:: ENTRIES SHOWN ::
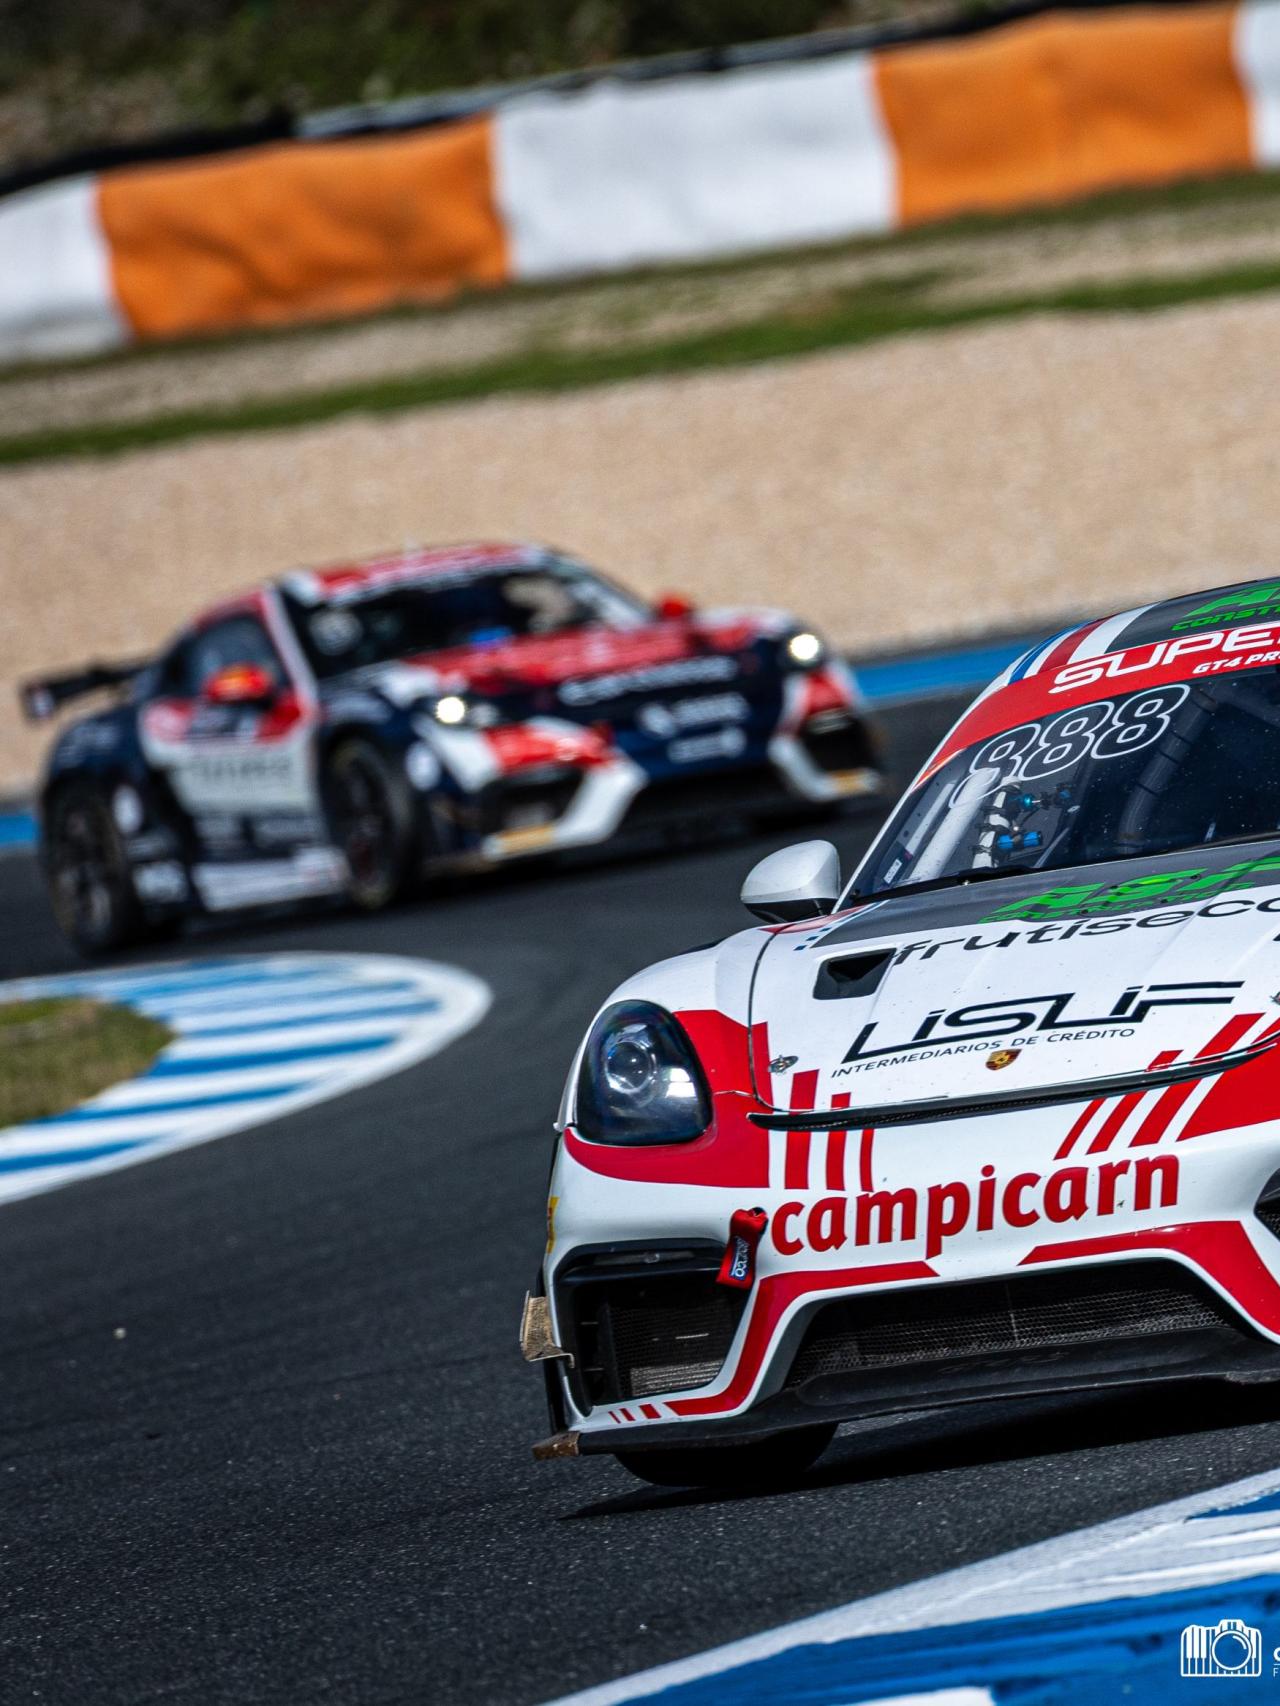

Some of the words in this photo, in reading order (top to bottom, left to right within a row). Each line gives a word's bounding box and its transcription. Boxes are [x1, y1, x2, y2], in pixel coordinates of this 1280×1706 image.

[1192, 655, 1241, 675] GT4
[949, 683, 1190, 808] 888
[832, 1039, 1001, 1078] INTERMEDIARIOS
[1011, 1035, 1037, 1046] DE
[1047, 1028, 1135, 1043] CRÉDITO
[771, 1154, 1180, 1260] campicarn
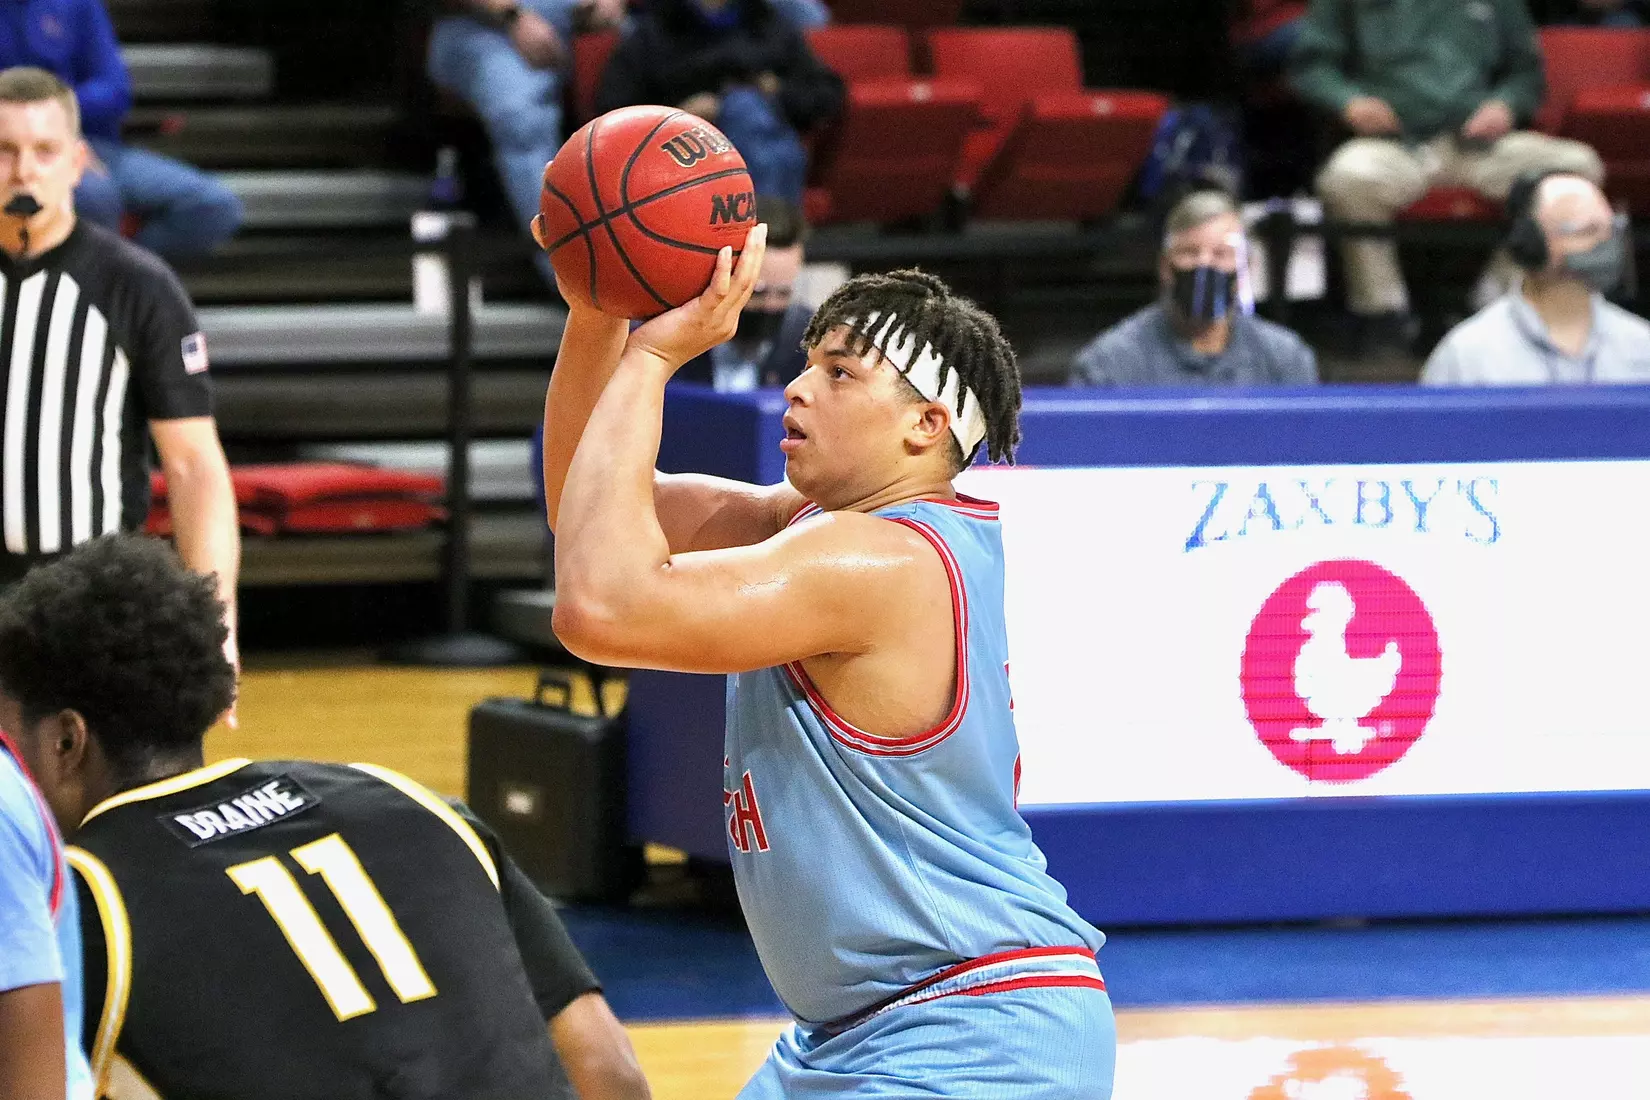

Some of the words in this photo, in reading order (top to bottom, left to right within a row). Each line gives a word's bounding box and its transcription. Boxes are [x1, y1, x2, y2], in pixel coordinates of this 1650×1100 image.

[709, 191, 757, 225] NCA
[1182, 477, 1501, 553] ZAXBY'S
[174, 780, 304, 840] DRAINE
[225, 832, 438, 1022] 11

:: TASK BRIEF ::
Only the pictures stay out; everything else in the listing above must be repeated exactly.

:: TASK RESULT ::
Some of the words in this photo, in reading order (top to bottom, left to right within a row). Each line gives a word's bounding box and its transcription. Boxes are [x1, y1, x2, y2], in pixel coordinates of this 1280×1706 image.

[1192, 655, 1241, 675] GT4
[949, 683, 1190, 808] 888
[832, 1039, 1001, 1078] INTERMEDIARIOS
[1011, 1035, 1037, 1046] DE
[1047, 1028, 1135, 1043] CRÉDITO
[771, 1154, 1180, 1260] campicarn

Some of the words in this photo, in reading order (top to bottom, left to right within a row). Each line gives a word's bounding box and its transcription. Boxes are [x1, y1, x2, y2], in pixel coordinates of this 1650×1100 image.

[709, 191, 757, 225] NCA
[1182, 477, 1501, 553] ZAXBY'S
[174, 780, 304, 840] DRAINE
[225, 832, 438, 1022] 11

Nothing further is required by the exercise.